Italia Viva: l’ospedale va tutelato

I renziani chiedono ai vertici della Asl più attenzione per la struttura
SANT’OMERO. Italia Viva a confronto con il manager Maurizio Di Giosia e il direttore sanitario della Asl Maurizio Brucchi sull’ospedale di Sant’Omero. «Apprezziamo la programmazione messa in atto dall’azienda per strutturare sul territorio provinciale, anche quello più remoto, presìdi sanitari destinati a rafforzare la cosiddetta sanità di prossimità», sottolineano i coordinatori provinciale e vibratiano del partito Luciano Monticelli ed Emilio Di Biase. «Per quanto riguarda l’ospedale di Sant’Omero, apprezziamo altrettanto i propositi dell’Asl di volerlo tutelare e rafforzare, anche per il suo ruolo teso ad argine la mobilità passiva verso le Marche, continuiamo però a riscontrare la mancata acquisizione, a differenza degli altri tre presìdi provinciali, di una Tac performante.

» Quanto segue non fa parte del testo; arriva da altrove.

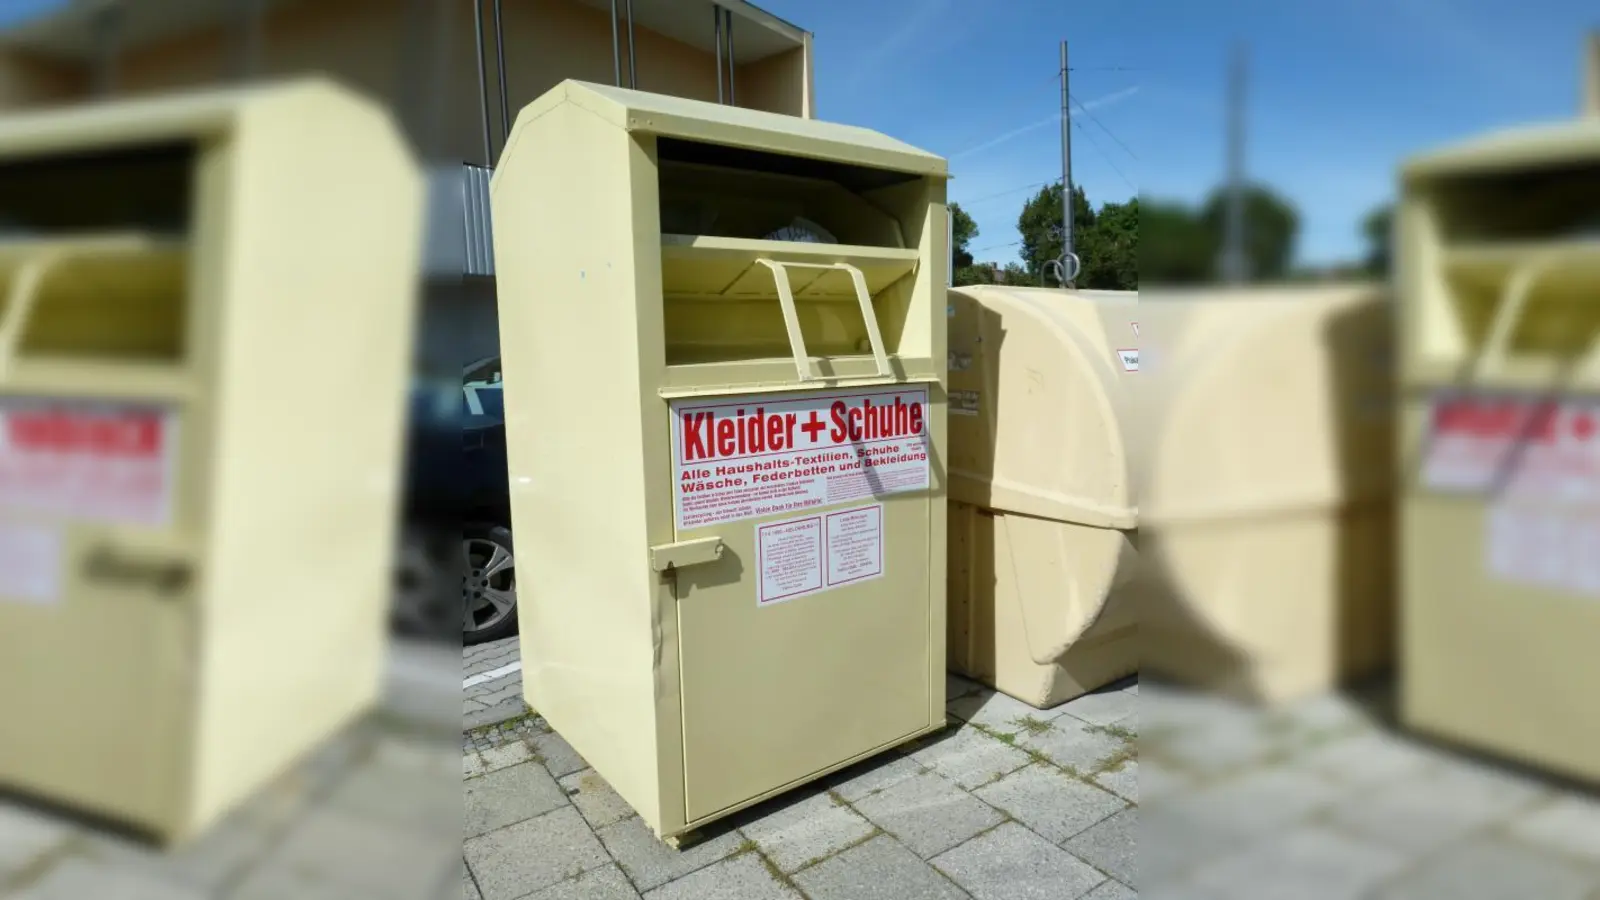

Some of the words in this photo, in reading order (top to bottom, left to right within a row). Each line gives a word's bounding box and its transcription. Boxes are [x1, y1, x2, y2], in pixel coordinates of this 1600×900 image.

Sottolineiamo la grave carenza di personale medico, chiediamo la celere realizzazione del progetto di ristrutturazione del pronto soccorso, nuovi spazi a ridosso della struttura esistente, l’umanizzazione dei reparti di degenza, a cominciare dalla sostituzione dei letti dei reparti, vecchi di 40 anni, in fase di realizzazione altrove ma non a Sant’Omero». Per Italia Viva «il punto nascita deve rimanere elemento di forza del presidio, ripristinando il parto-analgesia e chiediamo vengano smentite voci di un declassamento di ostetricia– ginecologia da unità operativa complessa a semplice dipartimentale. Infine, sulle otto commissioni di invalidità chiediamo di suddividerle due per distretto, sempre nel rispetto della logica di sanità di prossimità». (a.d.p.)